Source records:
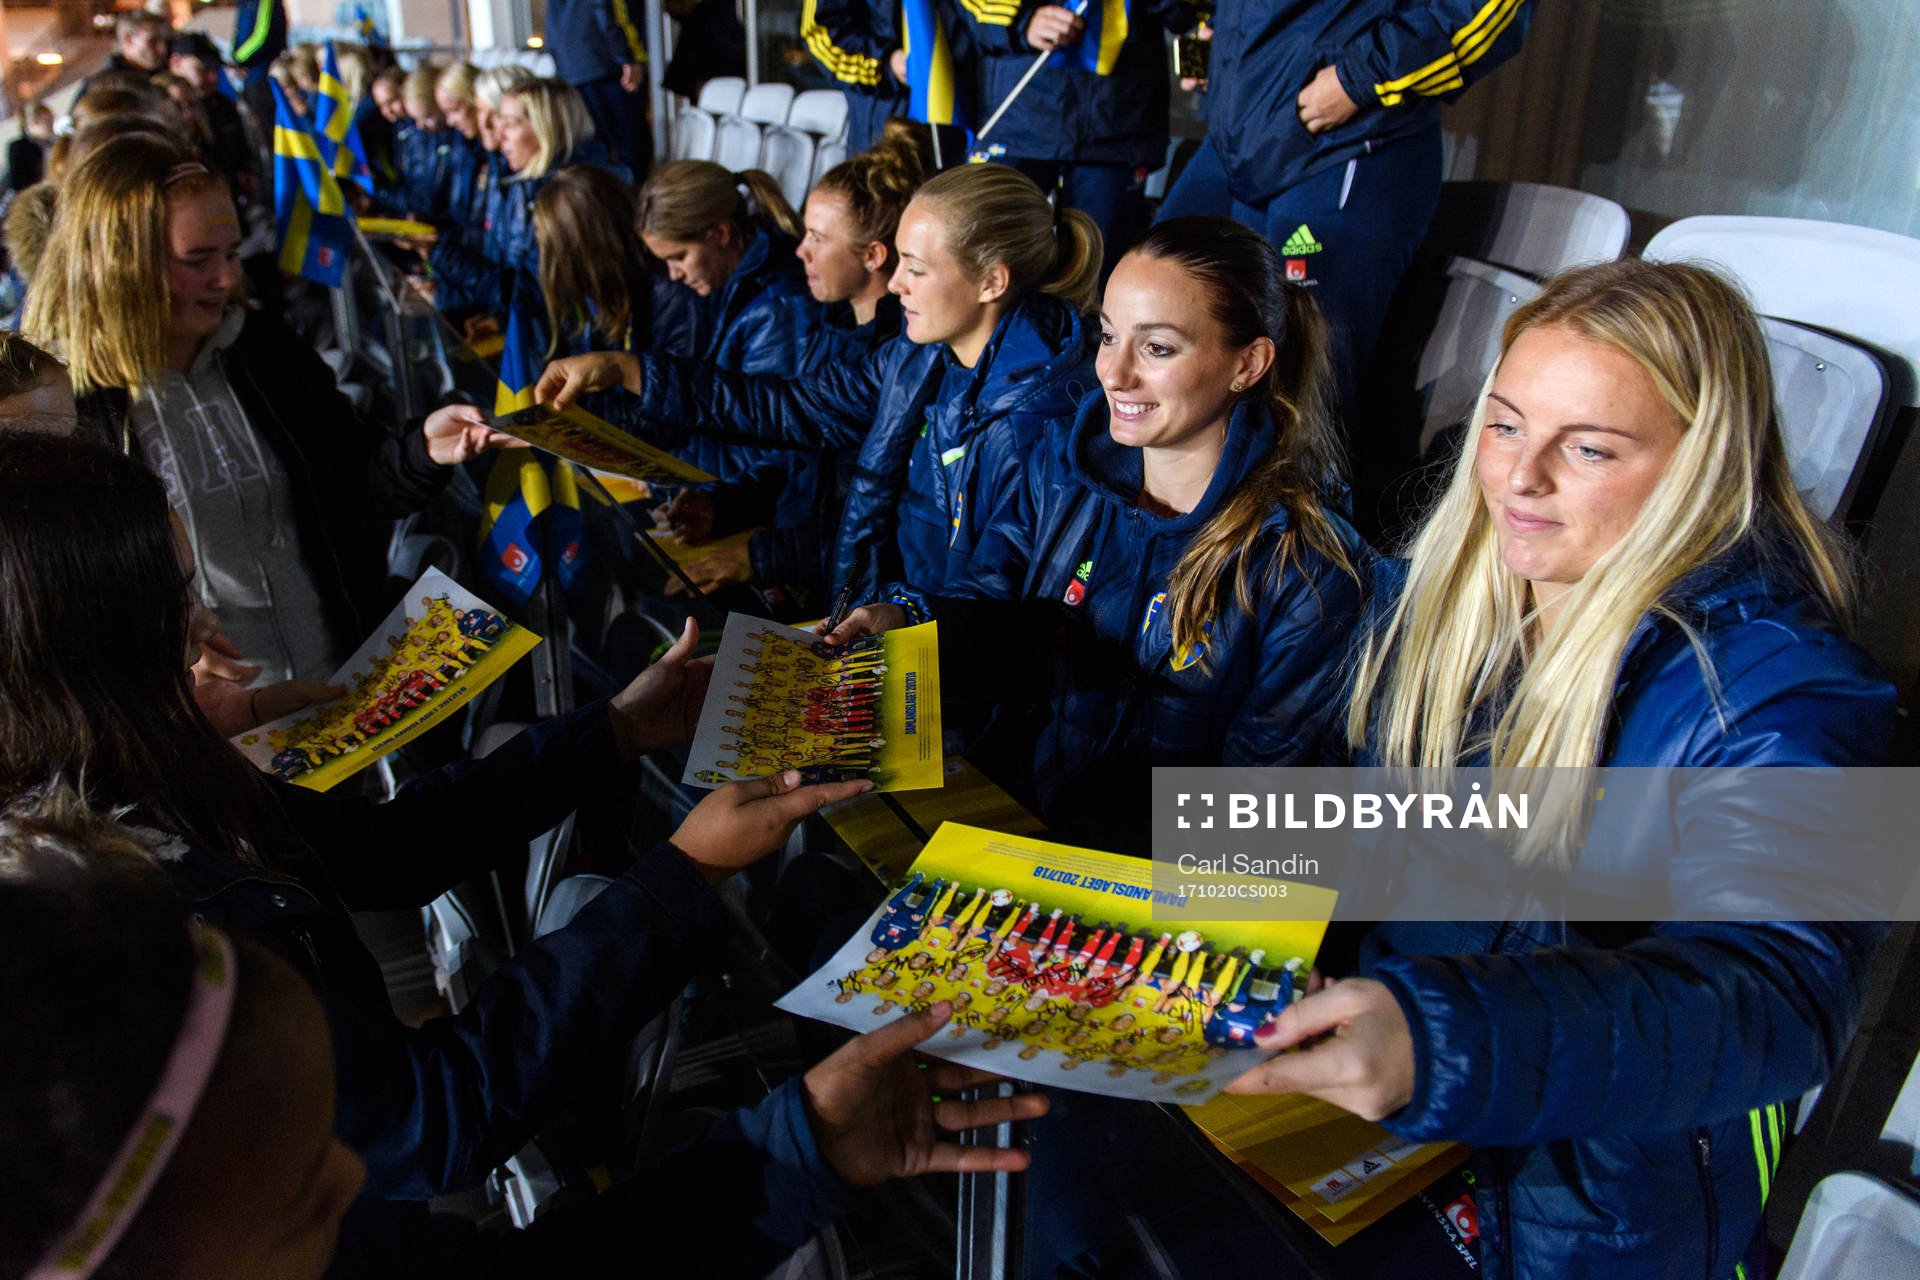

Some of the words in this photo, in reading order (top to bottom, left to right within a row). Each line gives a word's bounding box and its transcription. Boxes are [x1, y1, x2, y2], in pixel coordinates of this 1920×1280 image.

[1282, 242, 1323, 256] adidas
[1033, 865, 1080, 887] 2017/18
[1081, 872, 1188, 907] DAMLANDSLAGET
[1454, 1242, 1478, 1270] SPEL

- **Assignment**: Each word of the data should be repeated exactly, and the pictures left out.

- **Task solution**:
Some of the words in this photo, in reading order (top to bottom, left to right within a row). Each line gives a word's bounding box and its transcription. Boxes are [x1, y1, x2, y2], in pixel coordinates of this 1920×1280 image.

[1282, 242, 1323, 256] adidas
[1033, 865, 1080, 887] 2017/18
[1081, 872, 1188, 907] DAMLANDSLAGET
[1454, 1242, 1478, 1270] SPEL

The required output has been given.